Jimena escuchó aquellos halagos con una sonrisa en los labios.

—No tengo prisa. Lo de Hernán con esa mujer es solo una actuación. Los cinco años en el extranjero fueron muy difíciles, y aun así los superamos juntos. Ahora que él quiere vengarse, ¿cómo podría yo detenerlo?

En cuanto Jimena dijo eso, dentro del privado volvieron a escucharse varias voces aduladoras.

—Tú sí eres diferente. Mira que eres comprensiva. La verdad, le tenemos envidia a Hernán por tener a una mujer tan sensata como tú.

Jimena escuchó sus palabras con una sonrisa tenue.

Se sentó con elegancia, tomó una copa y empezó a beber con ellos.

Pero en el instante en que bajó la mirada, una intensa frialdad cruzó por sus ojos.

Con ese breve enfrentamiento de hace un momento, pudo darse cuenta de que Hernán no era completamente indiferente hacia Camila.

Tal vez en las palabras de Hernán había parte de actuación, pero no todo era fingido.

Ella había visto con total claridad esa preocupación.

Y Camila tampoco era tan fácil de manejar como ella había pensado.

Hace un momento, aunque Jimena había sido quien provocó primero, Camila logró contenerse y no dijo nada.

Era evidente que tampoco era una mujer sencilla.

Pero esta vez, ya que Jimena había vuelto, impulsaría a Hernán a seguir adelante pasara lo que pasara.

Mientras él llevara a cabo su plan de venganza, entre él y Camila ya no habría ninguna posibilidad.

No solo eso.
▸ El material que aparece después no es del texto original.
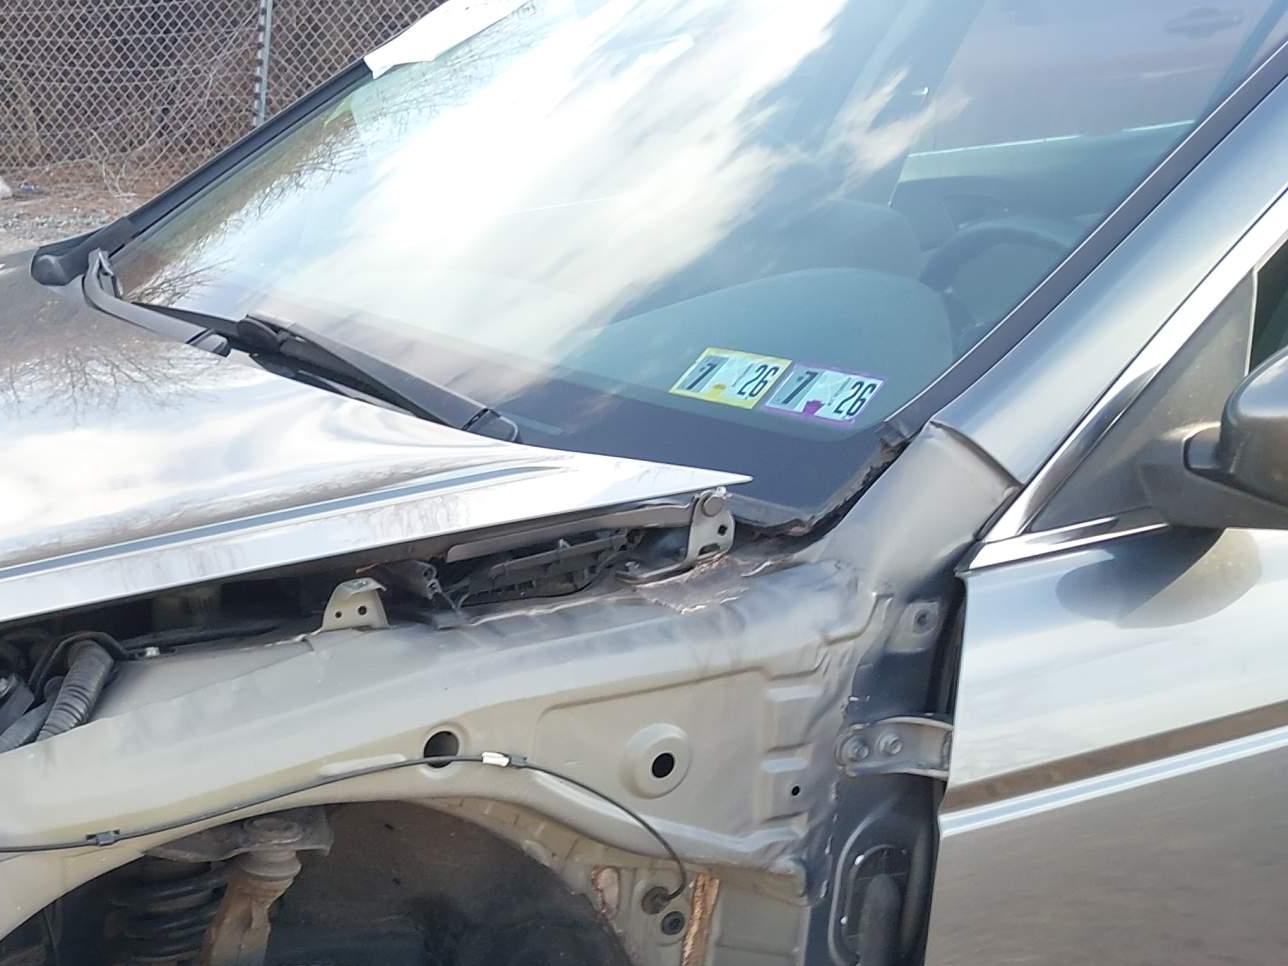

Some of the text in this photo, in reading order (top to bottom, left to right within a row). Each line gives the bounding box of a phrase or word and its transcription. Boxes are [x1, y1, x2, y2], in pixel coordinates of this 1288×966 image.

Con solo imaginar a Camila siendo ridiculizada, señalada y pisoteada hasta hundirse en el lodo, Jimena sentía una satisfacción imposible de describir.
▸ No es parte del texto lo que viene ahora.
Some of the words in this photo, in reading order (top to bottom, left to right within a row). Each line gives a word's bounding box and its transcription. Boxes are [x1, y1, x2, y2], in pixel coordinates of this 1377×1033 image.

Solo de imaginar aquellas fotos tan atrevidas de Camila proyectadas en una pantalla frente a sus padres, familiares y amigos, mientras un grupo de personas las miraba y la señalaba sin pudor, Jimena sentía un placer indescriptible.

Con ese pensamiento, sonrió, levantó la copa y bebió un buen trago.

Mientras tanto, fuera del privado, Hernán caminaba a toda prisa hacia el estacionamiento.

Apenas salió, vio a Camila en un rincón, apoyada en la pared, con arcadas sin parar.

El corazón le dio un vuelco inexplicable.

Al recordar que en varias ocasiones había dejado de usar condón a propósito, el pulso se le descontroló.

En aquel entonces, Matías había bromeado con que debía encontrar la manera de embarazar a Camila.

Así, llegado el momento, Jesús sufriría todavía más.

Al principio, todos lo dijeron como una broma, pero Hernán se lo tomó en serio.

En ese instante, ni siquiera él mismo sabía si quería humillar más a Camila o si en realidad quería tener un hijo con ella para retenerla a su lado.

Después de convivir con ella durante esos tres años, muchas veces ni él mismo lograba entender sus emociones.

Pero en ese momento, con solo pensar que Camila tal vez sí estaba embarazada, su corazón empezó a latir fuera de ritmo sin poder controlarlo.

No pudo evitar acelerar el paso.

Llegó rápido junto a Camila, extendió la mano para sostenerla y preguntó con voz suave:

—¿Qué tienes? ¿Por qué estás vomitando así? ¿No estarás embarazada?